Apendicitis en Recién Nacidos: Causas, Síntomas y Tratamiento

01.11.2025

La apendicitis es la entidad quirúrgica más frecuente en la infancia. Sin embargo, durante los primeros años de vida es una entidad poco frecuente, con una incidencia estimada entre 1 a 2 por cada 10.000 niños al año entre el nacimiento y los cuatro años.

Su baja incidencia, que frecuentemente se asocia con una presentación clínica inespecífica, provoca retraso en el diagnóstico y, en consecuencia, un tratamiento tardío. No obstante, debe considerarse en el diagnóstico diferencial de un abdomen agudo en el periodo neonatal, ya que su retraso diagnóstico y el consecuente tratamiento tardío suponen un alto índice de morbi-mortalidad.

Causas de la Apendicitis Neonatal

Existen diversos factores que disminuyen el riesgo de obstrucción apendicular durante el período neonatal. Entre estos destacan la alimentación láctea exclusiva, la posición continua en decúbito de los neonatos, y la disposición anatómica del apéndice.

La apendicitis neonatal suele presentarse asociada a enfermedades como la fibrosis quística, la enterocolitis necrotizante, o la enfermedad de Hirschsprung, como fue el caso de nuestra paciente.
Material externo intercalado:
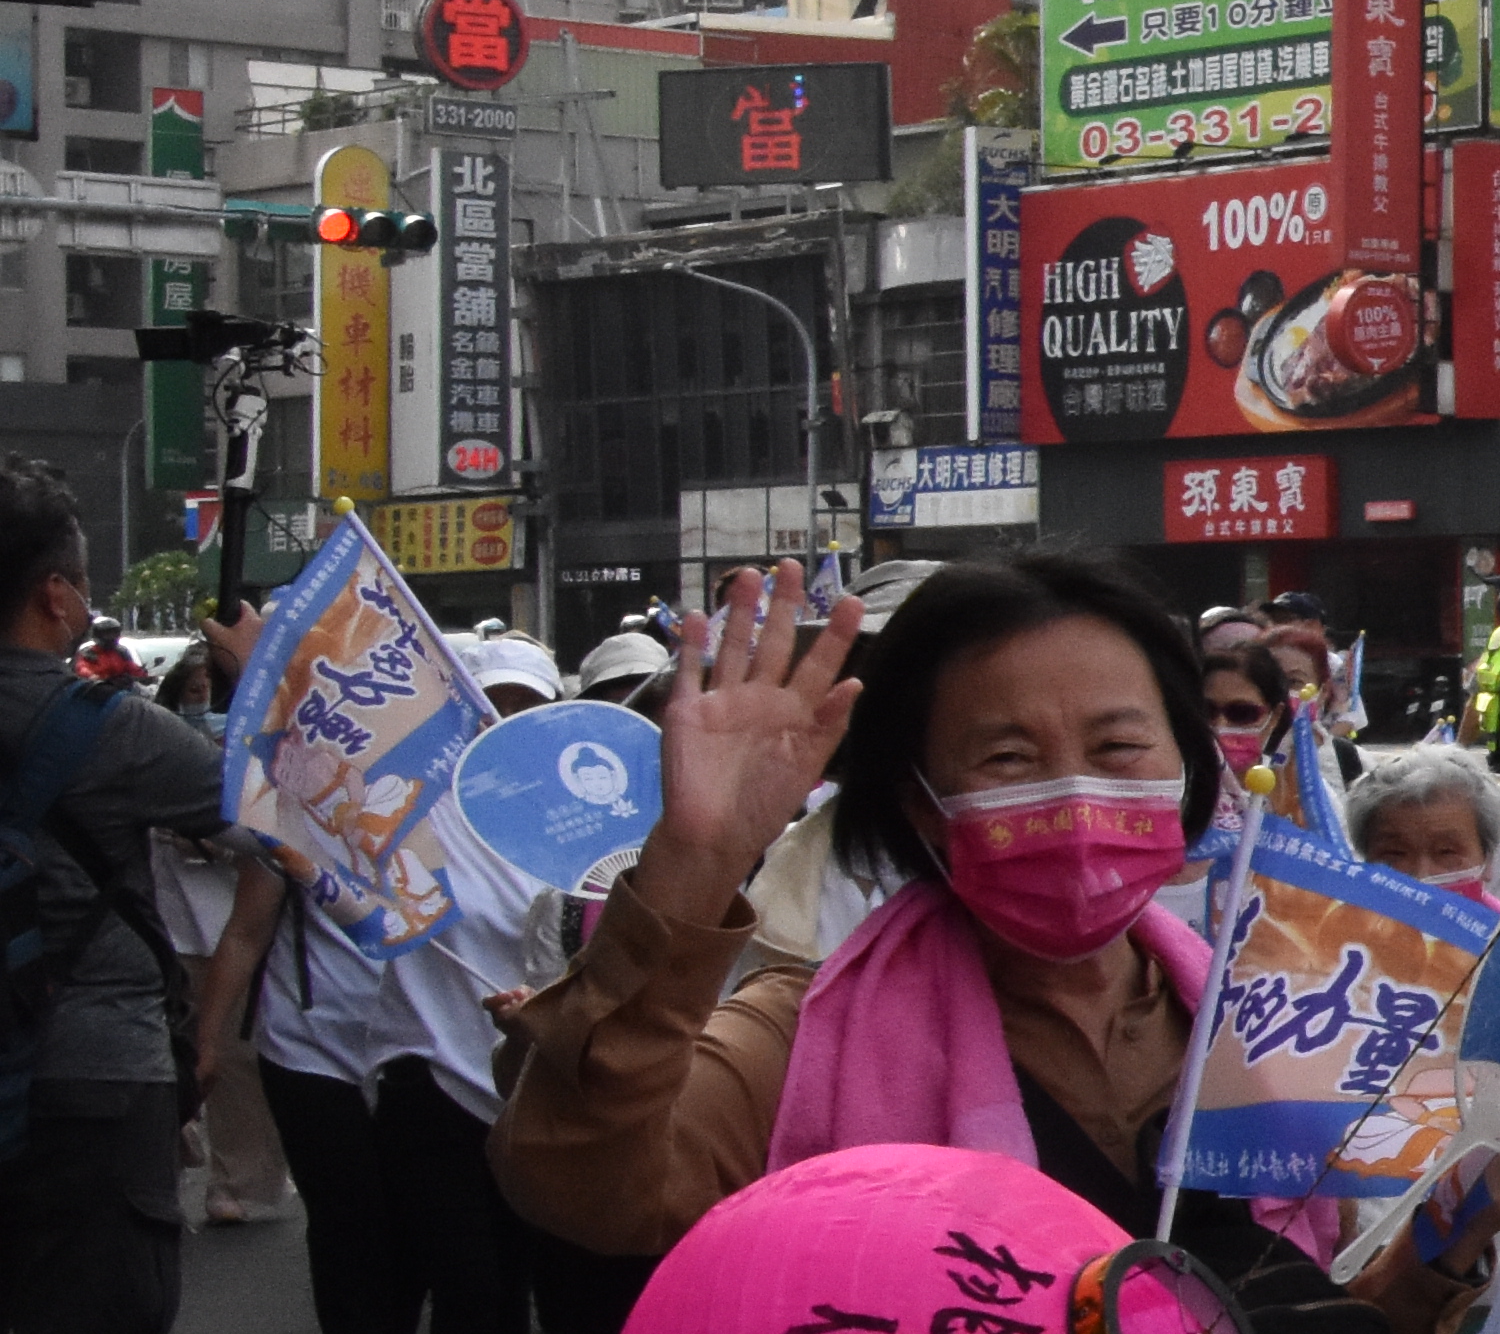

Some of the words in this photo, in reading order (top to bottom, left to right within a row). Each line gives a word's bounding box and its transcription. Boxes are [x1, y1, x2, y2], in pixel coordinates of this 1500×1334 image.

[435, 103, 516, 130] 331-2000
[452, 155, 498, 327] 北區當舖
[1202, 190, 1304, 250] 100%
[1043, 257, 1120, 303] HIGH
[1043, 307, 1183, 358] QUALITY
[1357, 306, 1398, 323] 100%
[455, 446, 499, 471] 24H
[918, 450, 1038, 489] 大明汽車修理廠
[1182, 462, 1306, 516] 孫東寶
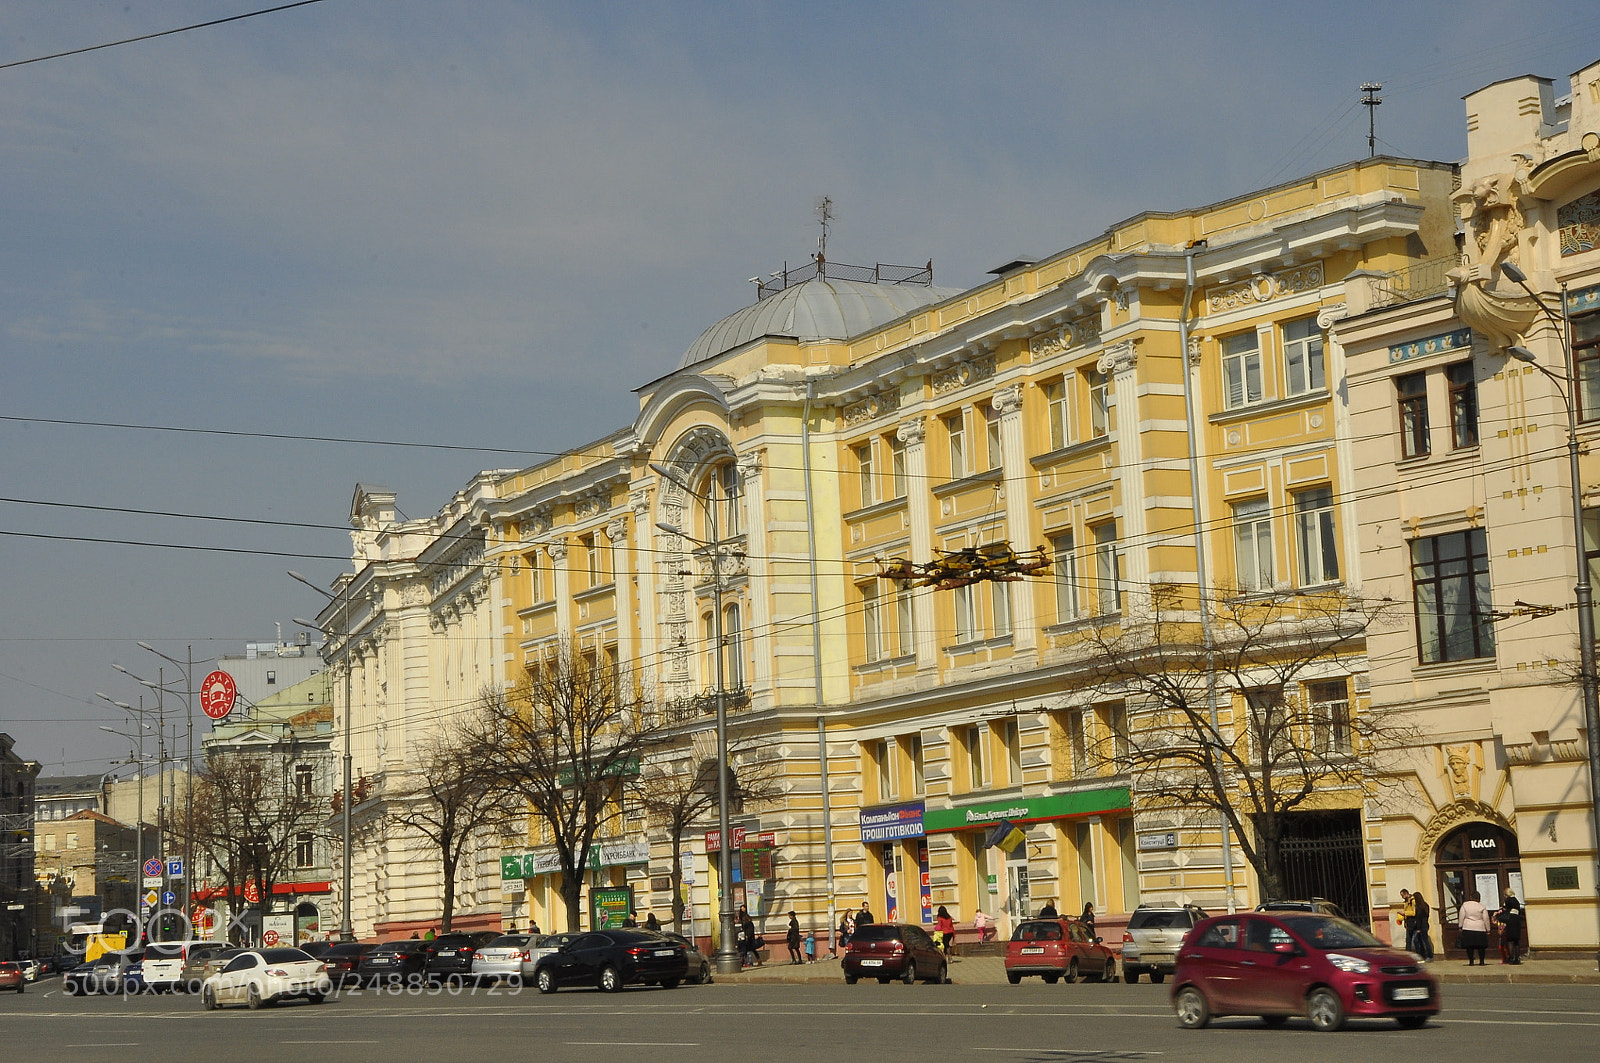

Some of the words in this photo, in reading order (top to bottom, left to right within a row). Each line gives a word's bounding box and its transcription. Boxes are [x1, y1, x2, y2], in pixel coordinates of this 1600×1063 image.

Aunque son escasas, la mayoría de las publicaciones existentes hasta la fecha describen la apendicitis en período neonatal en relación con una enfermedad de base.

En el caso de nuestra paciente, inicialmente y tras la primera intervención quirúrgica abdominal, se estableció el diagnóstico de apendicitis aislada o asociada a enterocolitis necrotizante focal.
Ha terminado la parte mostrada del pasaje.